Source: Aubrey Allen 024 7642 2222 www.aubreyallenwholesale.co.uk
Supplies should be improving after strong winds at the start of the week. Brill, Dovers, whiting, herring and squid (pictured) will be available, but prices on most native fish will remain high. There will also be fewer landings of langoustines from Scotland, and cod and haddock from Iceland. There should be more farmed fish available, although a ferry strike in Greece could affect supplies of sea bass.
Source: M&J Seafood 01296 333848 www.mjseafoods.com
Wild garlic leaves are appearing in the furthest parts of the South-west, but most of the country will have to wait until the first week of March because of the lack of rain.
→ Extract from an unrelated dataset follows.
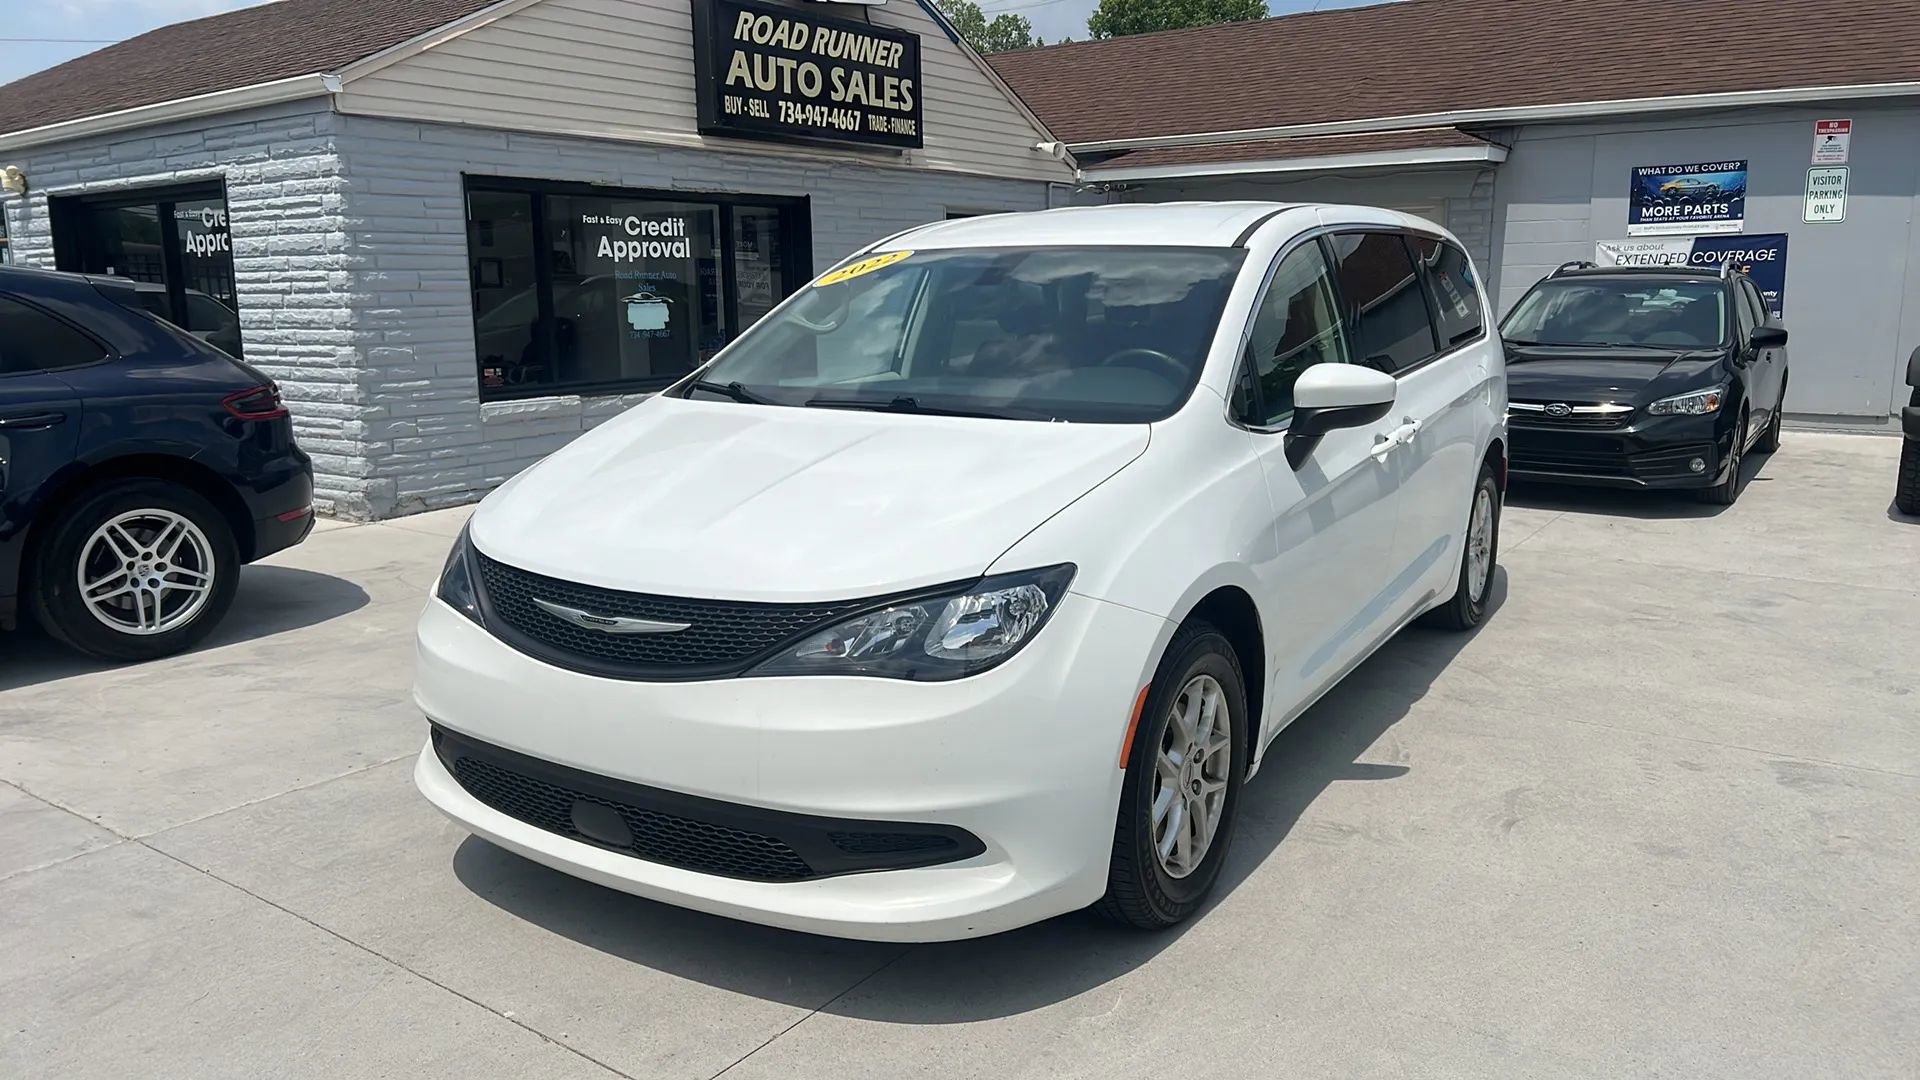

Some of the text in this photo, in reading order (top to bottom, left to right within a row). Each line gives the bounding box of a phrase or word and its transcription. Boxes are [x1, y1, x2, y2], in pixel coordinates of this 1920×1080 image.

Good quality Italian produce is now arriving, including Swiss chard, leafy lemons, turnip greens and pale aubergines. Turkish morels are also now on the market, but are expensive.
Spanish blackberries are showing good quality, but still expensive. The Late Valencia oranges from Cuba (branded under the name Cubanita) are also back in season.
Source: Chef’s Connection 020 7627 4809 www.chefs-connection.com
Périgord truffle macaroni cheese and foraged garlic leaves
For the macaroni
500g durum wheat flour
2tbs ice-cold water
For the cream mixture
5 sprigs fresh thyme
1 head garlic
500ml double cream
100ml whole milk
For the cheese sauce
100g Parmesan, grated
50g Gruyère, grated
50g horse mushrooms (or similar)
250g wild garlic leaves, picked and washed
20g chopped tarragon
5ml truffle oil
1 Périgord truffle, truffle slicer
Fine rock salt
Place wheat flour in a bowl and make a well. Dissolve salt in water and add it gradually. Mix with your hands until the dough comes together to form a dry tight ball without being sticky (you may not need all the water, you may need a little more). Wrap in clingfilm and place in fridge to rest for 30-60 minutes.
Crush the garlic with the thyme and a pinch of rock salt, add to the cream and milk and bring to a simmer. Take off the heat, cover pan with clingfilm, and pierce, leaving to infuse for an hour. Once cooled, pass the liquid into another pan.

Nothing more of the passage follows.